/---

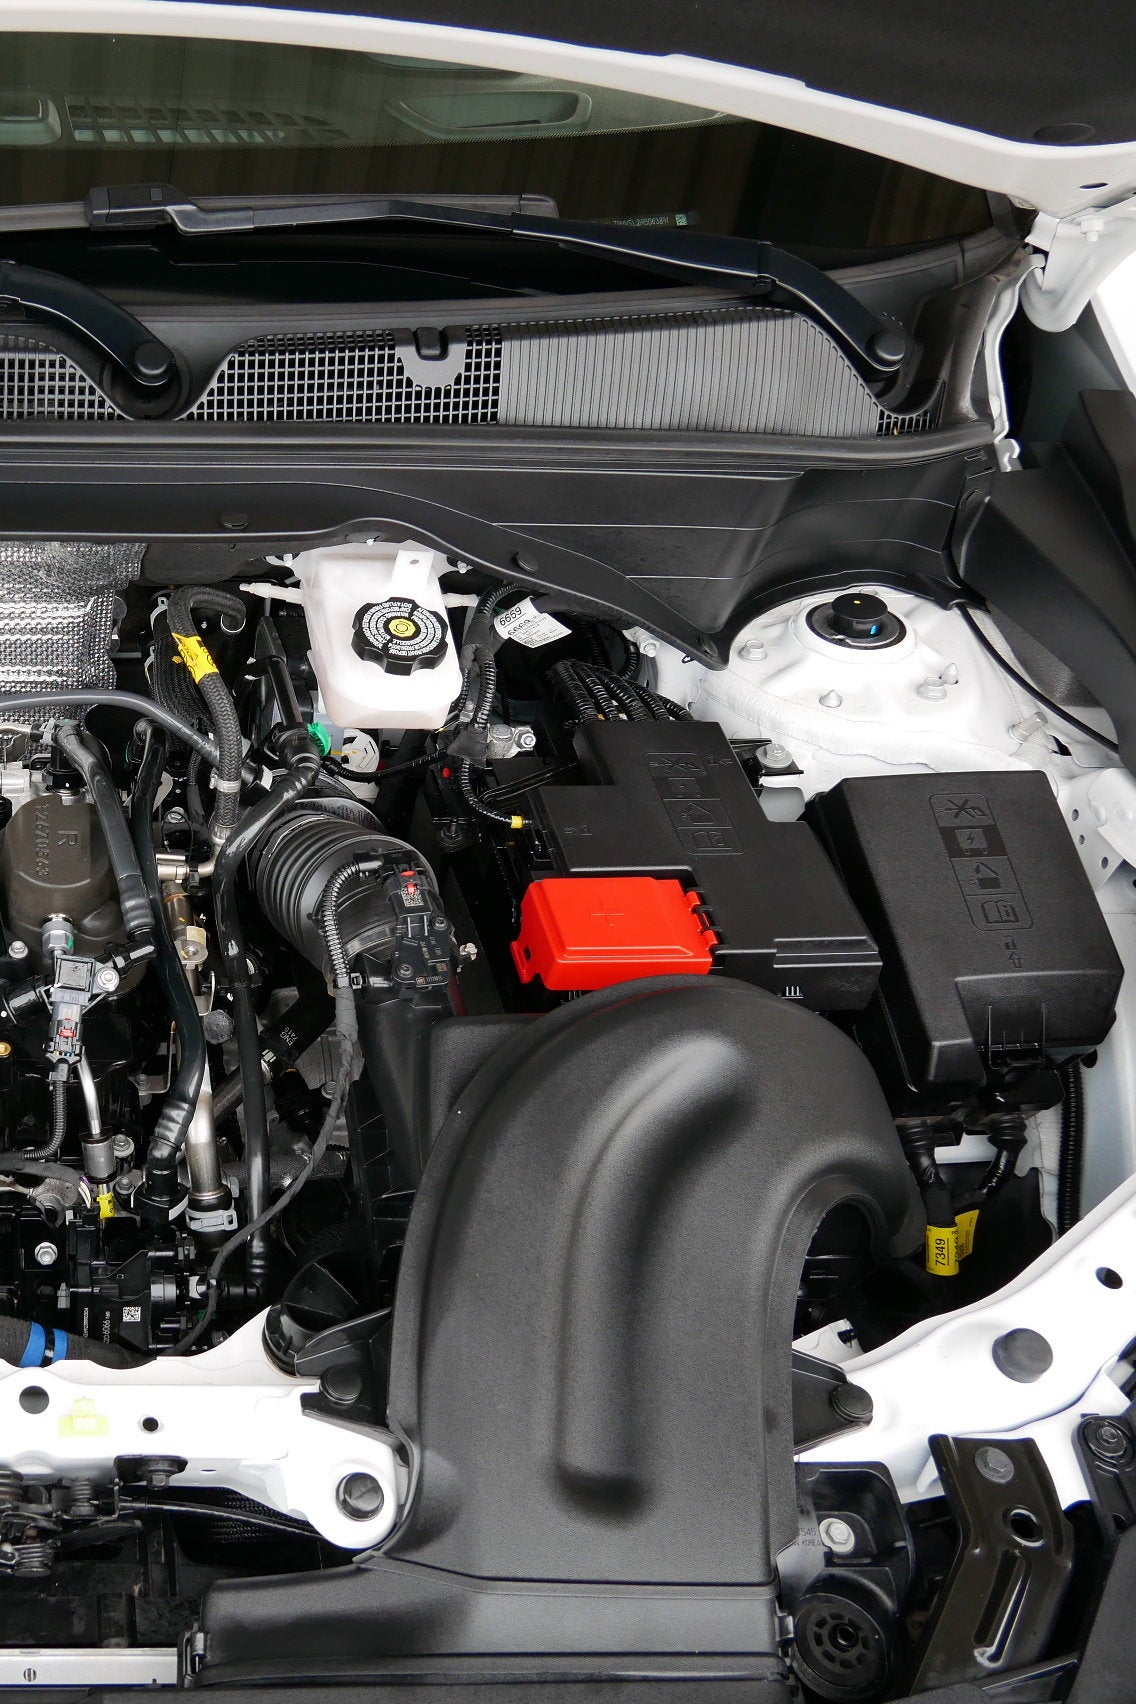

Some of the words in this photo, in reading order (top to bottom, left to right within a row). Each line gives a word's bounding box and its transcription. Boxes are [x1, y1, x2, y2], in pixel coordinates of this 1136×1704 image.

[499, 606, 522, 627] 6669
[57, 830, 79, 846] R
[935, 1238, 946, 1267] 7349
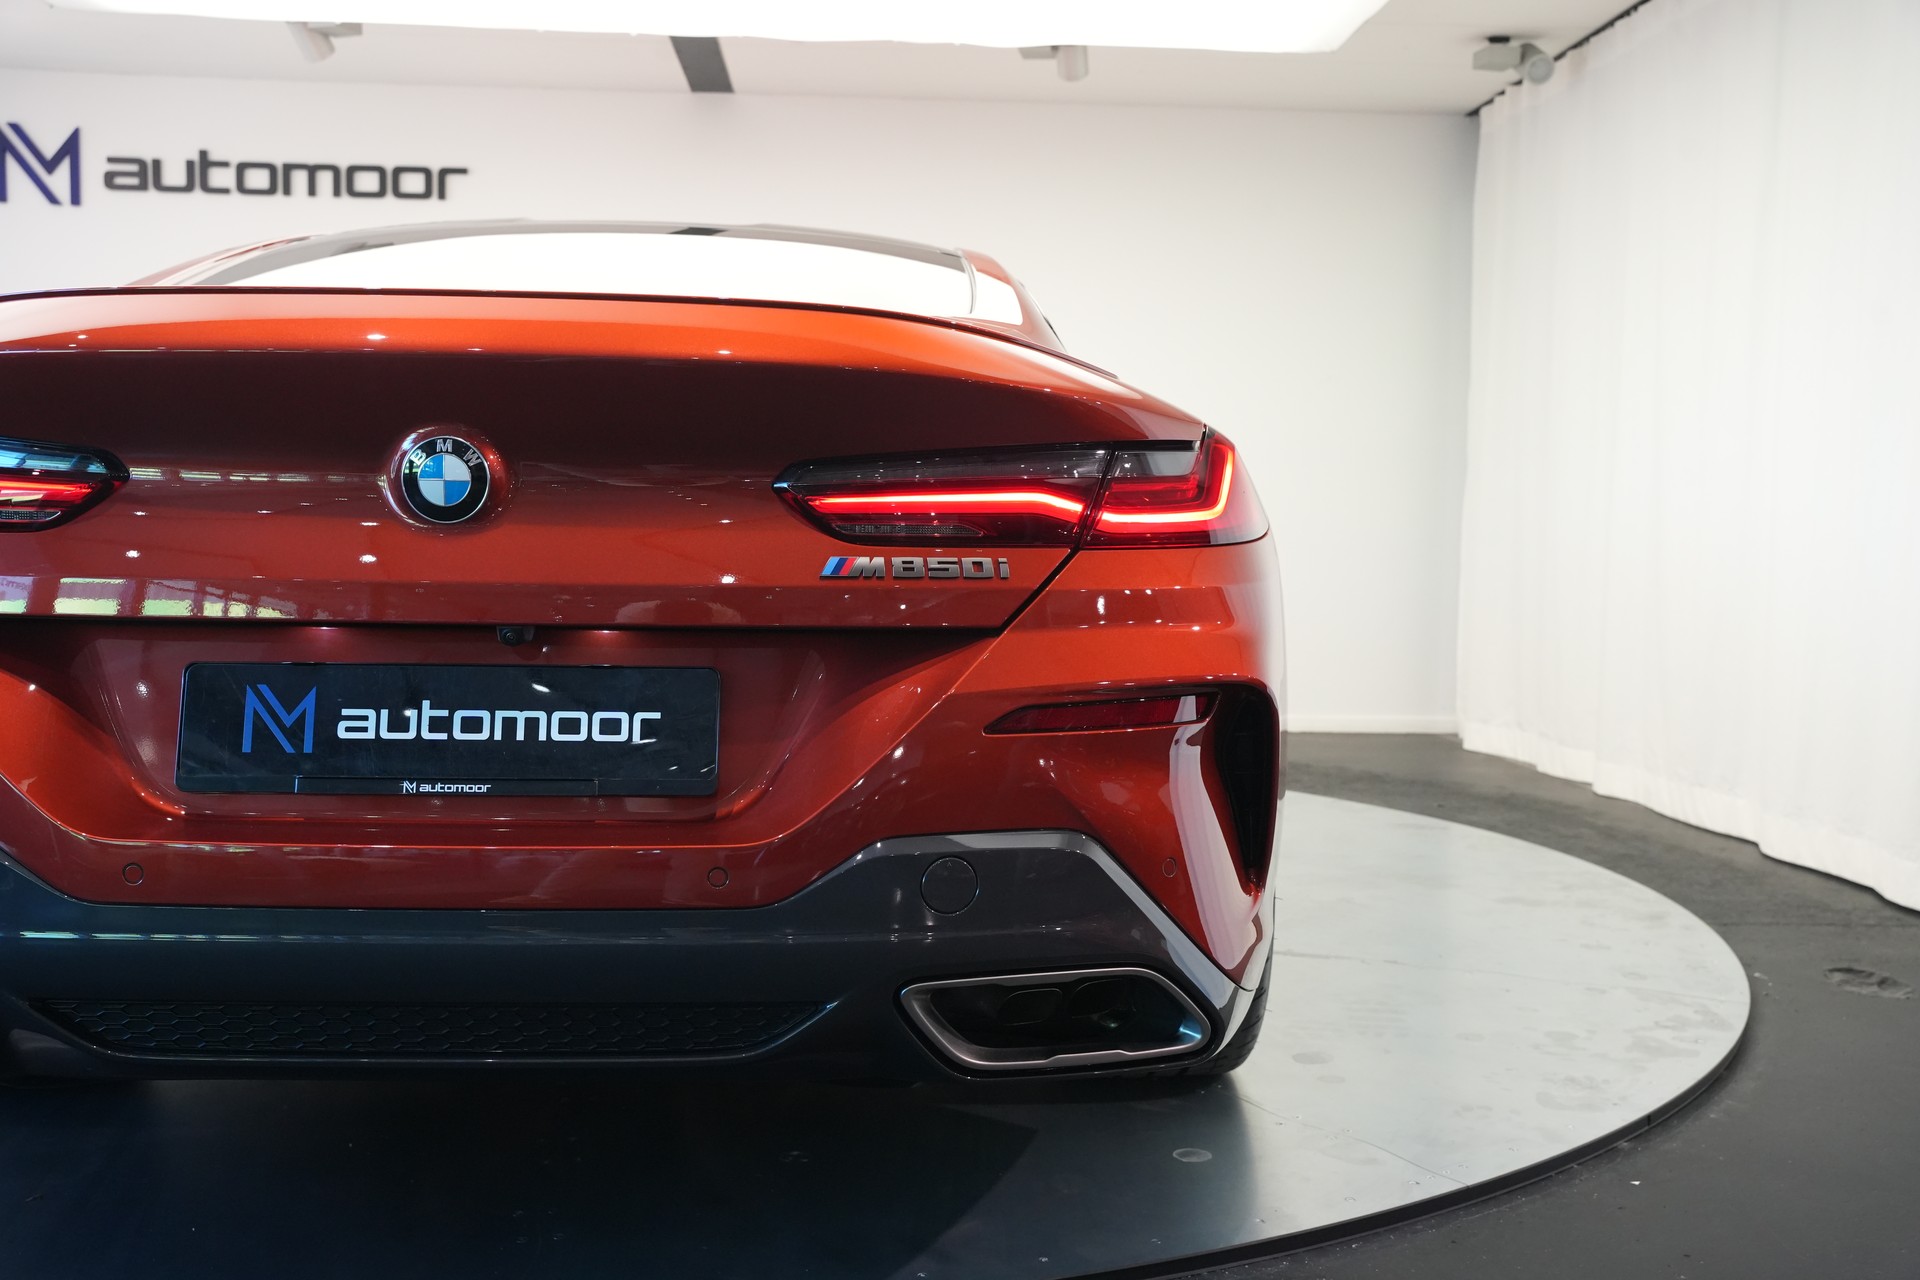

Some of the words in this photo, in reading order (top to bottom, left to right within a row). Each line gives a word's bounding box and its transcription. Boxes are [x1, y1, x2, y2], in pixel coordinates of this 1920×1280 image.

[103, 149, 468, 200] automoor
[410, 439, 483, 467] BMW
[336, 699, 662, 743] automoor
[419, 782, 492, 793] automoor
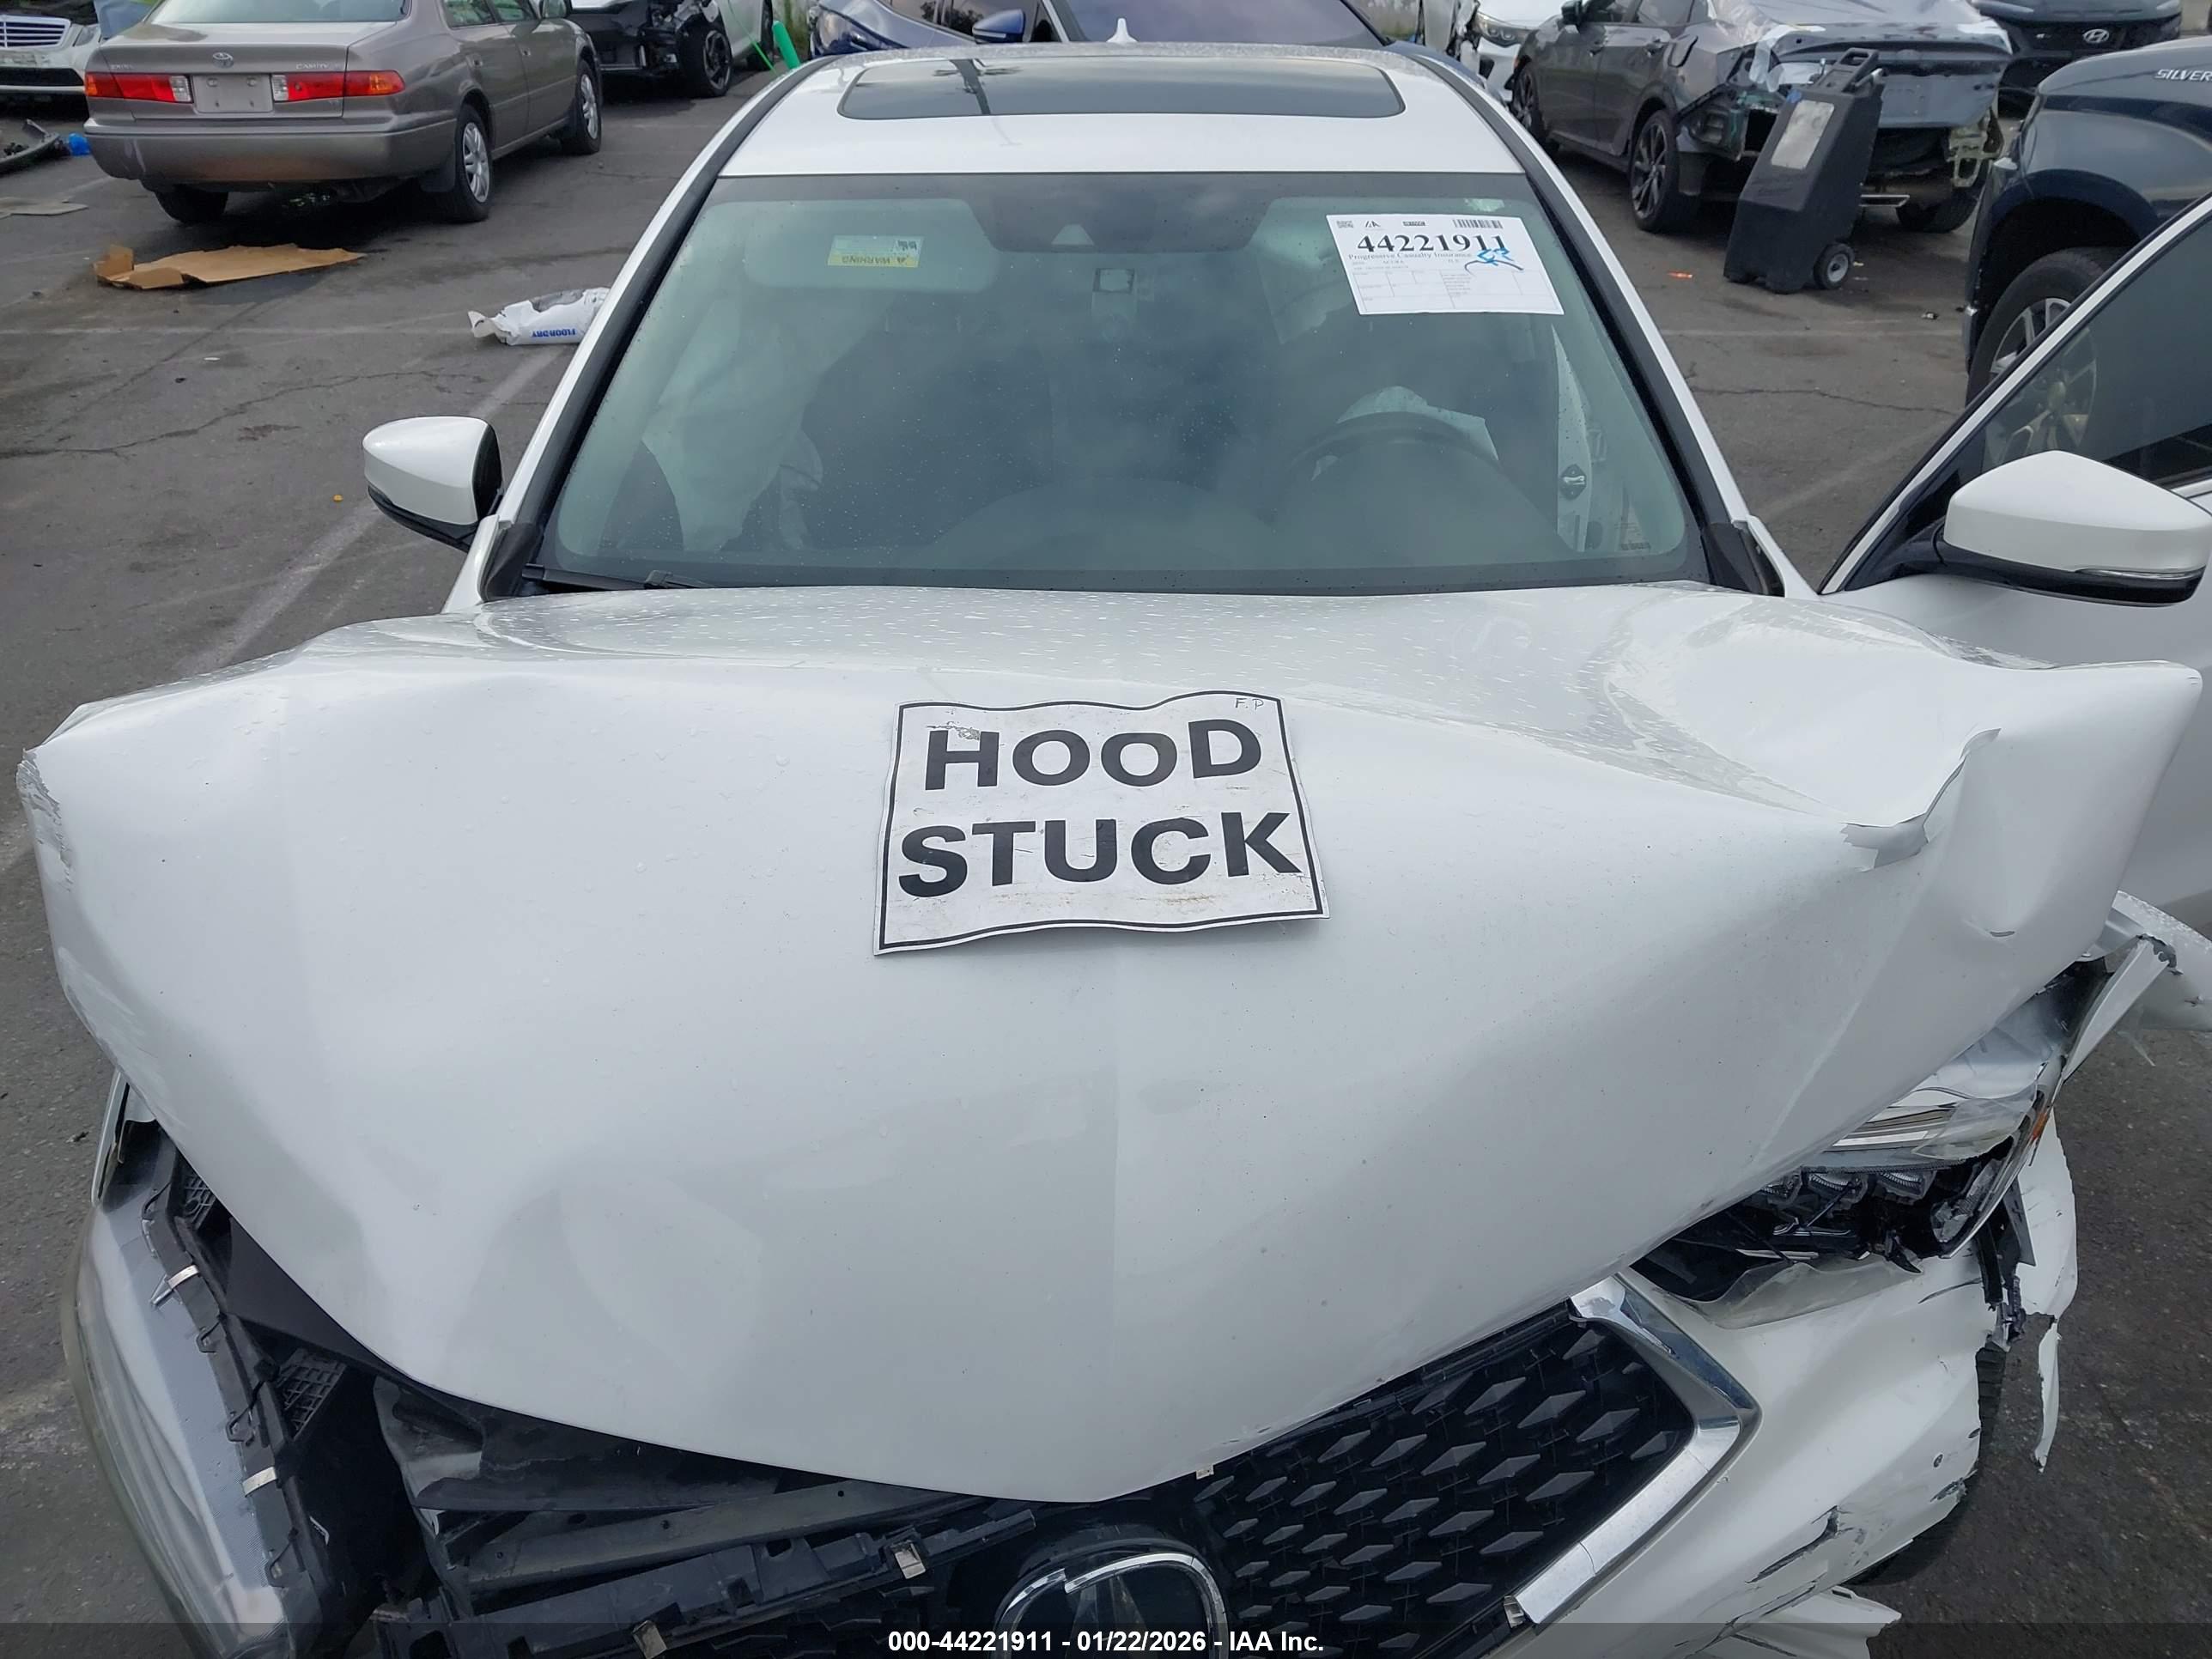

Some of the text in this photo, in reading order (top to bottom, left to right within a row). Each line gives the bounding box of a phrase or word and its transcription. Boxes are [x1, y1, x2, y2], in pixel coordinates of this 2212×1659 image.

\---

(Instructions for the task)
The task calls for repeating each line above exactly while excluding the pictures.

(Result of the task)
Some of the words in this photo, in reading order (top to bottom, left to right within a row). Each line gives a word's bounding box and its transcription. Boxes are [x1, y1, x2, y2], in pixel coordinates of this 1136×1704 image.

[499, 606, 522, 627] 6669
[57, 830, 79, 846] R
[935, 1238, 946, 1267] 7349

Some of the words in this photo, in reading order (top to bottom, left to right within a row). Each line gives a word's bounding box and its transcription. Boxes are [x1, y1, x2, y2], in pixel coordinates of this 1920×1280 image.

[103, 149, 468, 200] automoor
[410, 439, 483, 467] BMW
[336, 699, 662, 743] automoor
[419, 782, 492, 793] automoor

Some of the text in this photo, in reading order (top to bottom, left to right within a row). Each line gives the bounding box of a phrase or word and its transcription. Boxes are [x1, y1, x2, y2], in pixel coordinates of this 2212×1659 image.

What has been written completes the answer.